British Sugar and the NFU yesterday announced a new scheme, available as a one-off and for one year only, which allows growers to relinquish all or part of their contracted tonnage entitlement to other existing growers or potential new growers. The scheme will give growers who wish to do so the opportunity to increase the area of sugar beet grown to further improve the crop’s contribution to the farm, whilst allowing others to move out of sugar beet growing. The scheme is aimed at giving growers greater flexibility and improving industry efficiency.

The scheme will operate from July to October 2001, enabling growers to make their new arrangements for the 2002 crop. Applications for transfers of contracted tonnage entitlement will be invited from interested growers, either relinquishing or acquiring, and will be considered by British Sugar using criteria agreed with the NFU. There will also be an opportunity for potential ‘new entrants’ to join the industry, subject to passing a short supplier appraisal.
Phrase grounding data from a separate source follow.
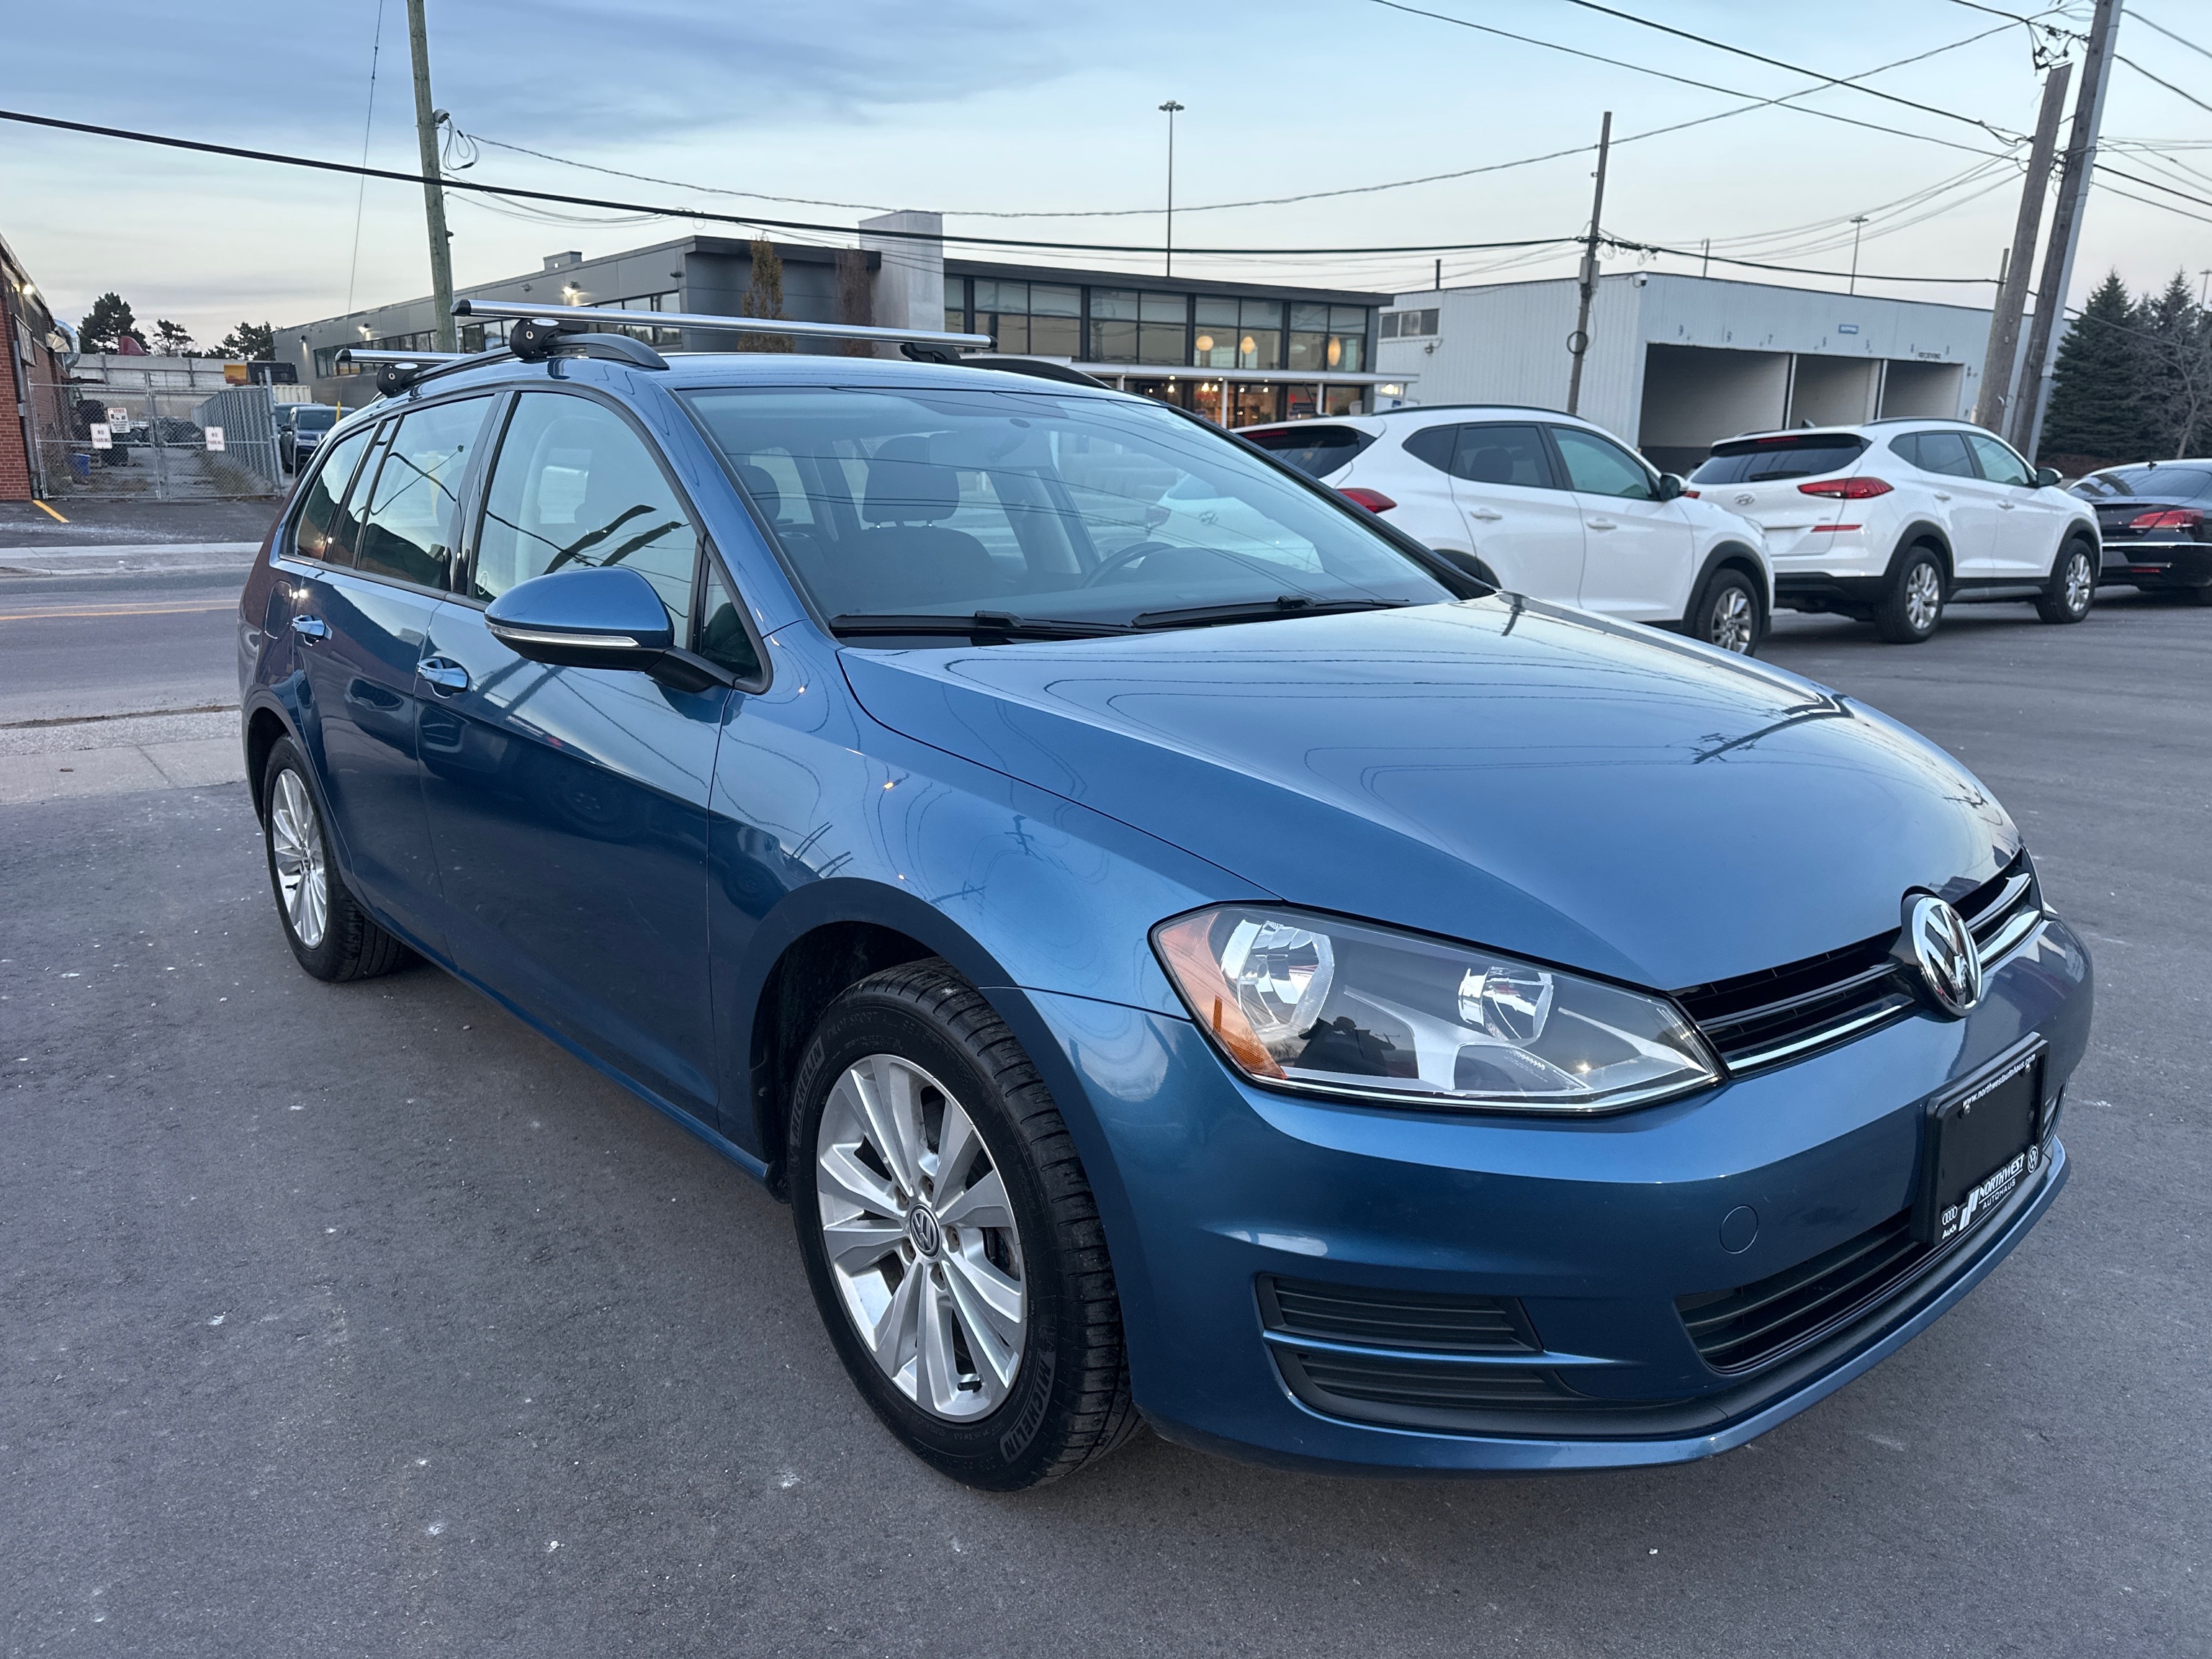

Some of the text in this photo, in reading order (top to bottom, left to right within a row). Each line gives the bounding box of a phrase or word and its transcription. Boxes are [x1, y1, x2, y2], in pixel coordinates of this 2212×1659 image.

[791, 1041, 823, 1139] MICHELIN
[1978, 1154, 2026, 1200] NORTHWEST
[1982, 1178, 2016, 1210] AUTOHAUS
[1942, 1223, 1957, 1240] Audi
[1004, 1357, 1052, 1459] MICHELIN
Existing growers are now receiving notification of the scheme with an invitation to apply for a Prospectus and Consent of Transfer Form. Non-growers can obtain details of the Scheme by telephoning the British Sugar helpline on 0870 2402314.

Chris Carter, British Sugars’ Agricultural Director, commented, “The new IPA agreed between British Sugar and the NFU has allowed many improvements for the UK beet sugar industry and the Outgoers’ Scheme is the latest tangible example giving growers the chance to improve the efficiency of their sugar beet production”.

Matt Twidale, Chairman of the NFU Sugar Beet Committee welcomed the scheme saying: “We have worked hard together with British Sugar to deliver a scheme that offers real benefits to our industry. It provides opportunities for outgoing growers, those wanting to expand their beet growing enterprise and also possible new entrants.”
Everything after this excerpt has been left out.